5:50 sqrt(25)= + or - 5, meaning that 5 and -5 are solutions
sqrt is always positive, x²=25 is what you are looking for
I am surprised lots of students don't know this lol...
@turbo Yes. The solutions to x²-25=0 is both 5 and -5. A function can only have one value. sqrt() only returns the positive root.
6:25 √(x²) = |x|
This would result in |x| = 25
So x = ±5
And ±5 has -5, so there you have your solution
Sqrt ( x) >=0 by def
@@peteradler6005 I never said otherwise
@@peteradler6005 okay but why though. (-5)^2=25 so why not (25)^1/2 = -5
@@peteradler6005 Its okay to veer off "but its defined" and use math to solve problems instead of jerk off about made up rigor
Although I guess he purposefully restricted the domain to take only a single branch of the multivalued function √, and made sure to choose the bit where √(x>0)>0
13:24 The other distinction between DNE and undefined is that undefined values are literally that: undefined. We have not defined what x/0 is. Mathematicians haven’t settled on it. DNE is defined however, namely that it simply does not exist. Sin(x) does not approach anything and therefore we define it as DNE. We don’t say does not exist for x/0, because there is no mutual agreement on that it does not exist.
0^0 is undefined because for the x^0 rule, the logic is as follows:
when multiplying powers of the same value, you add the power values together, ie. x^a * x^b = x^(a+b)
Thus x^0 can be written as x^1 * x^-1.
x^1 is just x and x^-1 equals 1/x.
x * 1/x
= x/x
= 1
That means that in the term 0^0, your trying to solve 0/0, which is conflicting because x/0 is undefined, but x/x = 1
so you're saying 0^2 is undefined?
6:13 square root of 25 is both positive and negative 5 (the WHOLE point of putting ± or ∓ there). Whether either of them work depends on the context of whether it is required to be positive or negative for the rest of the problem if there is any.
the symbol for sqrt implies the principal root, where we take the positive value (otherwise it could not be considered a function)
therefore, to reverse the process of squaring a value while maintaining logical equivalency, we use +-. in the case he shws, there is no +-, hence it is accurate to say it has no solution
Technically, the square root of a complex number is a multi-valued function; whilst the real square root of 25 is 5 by definition (as the square root of a real number, if it exists, is defined to be the positive number whose square yields that number), 25 has two complex square roots, namely 5 and -5. In fact, any nonzero complex number has two distinct square roots.
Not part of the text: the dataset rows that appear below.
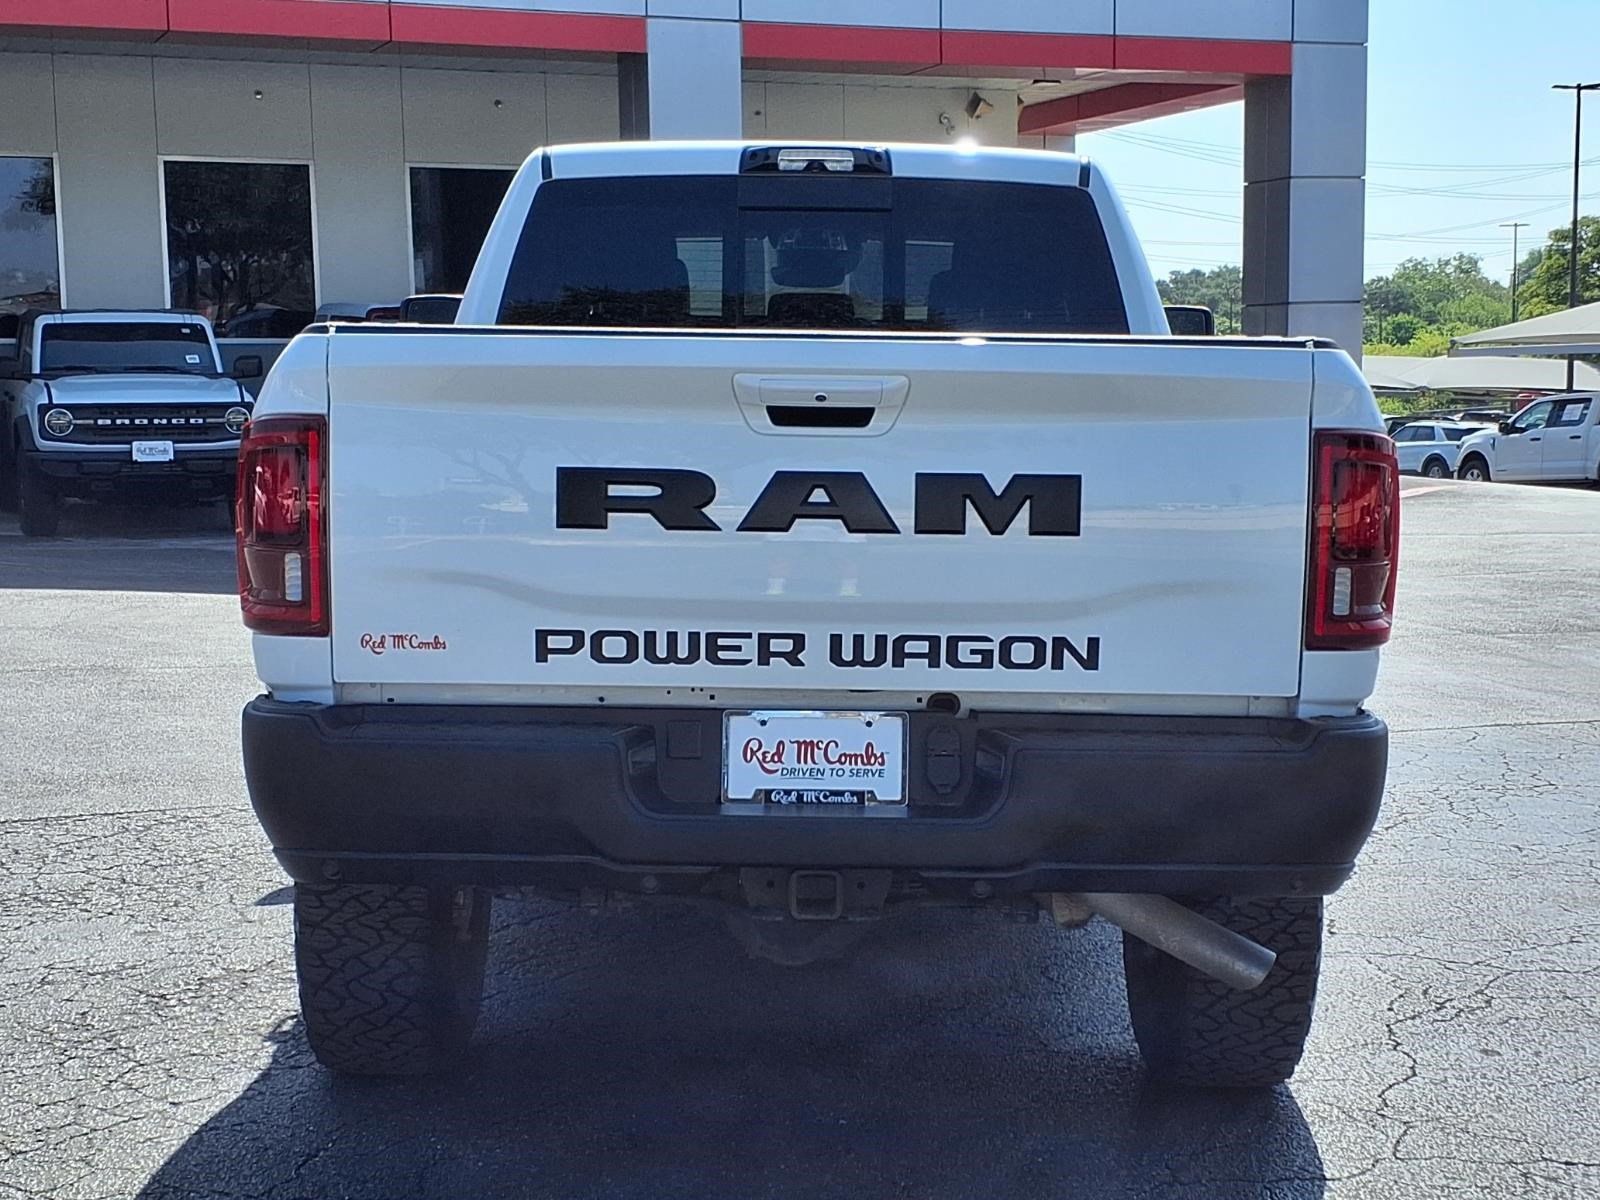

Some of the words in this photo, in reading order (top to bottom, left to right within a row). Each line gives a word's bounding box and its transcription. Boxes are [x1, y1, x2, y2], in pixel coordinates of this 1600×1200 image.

[555, 466, 1082, 537] RAM
[360, 633, 386, 655] Red
[388, 634, 447, 650] McCombs
[534, 628, 806, 668] POWER
[828, 633, 1101, 671] WAGON
[742, 737, 786, 775] Red
[789, 739, 886, 767] McCombs
[780, 767, 825, 778] DRIVEN
[830, 768, 846, 778] TO
[848, 768, 885, 778] SERVE
[770, 789, 797, 805] Red
[800, 790, 858, 803] McCombs
Also, 1/0 can obviously be defined to be whatever you like - be it 17, -3, or even a newly invented number such as ∞. In that case, 17*0 would be 1 by definition; the trouble, however, is that this is not consistent with the algebraic structure of a field, as the distributive law would yield 1 = 17(0+0) = 17*0 + 17*0 = 1 + 1 = 2. It would also mean that the multiplicative inverse of a number is not uniquely determined and all sorts of other stuff - if you're willing to make that trade-off, though, you are free to do so, as mathematicians can literally do whatever they want. Similarly, 0^0 can be defined to be 0, 1, or whatever you want, and in fact, there are contexts where 0^0 is defined to be 1 by convention; this is often done, for instance, to avoid cumbersome situations in general formulae such as the binomial theorem. The trouble is that 0^0 cannot be defined in the real or complex numbers while remaining consistent with familiar properties of limits, such as multiplicativity. This is a crucial point; as long as you're not touching limits, you're fine doing whatever you want with 0^0. In fact, you're even fine with limits as long as you formulate all your theorems about limits while excluding all 0^0 type situations. Of course, that's a lot of work, which makes it an unusual convention.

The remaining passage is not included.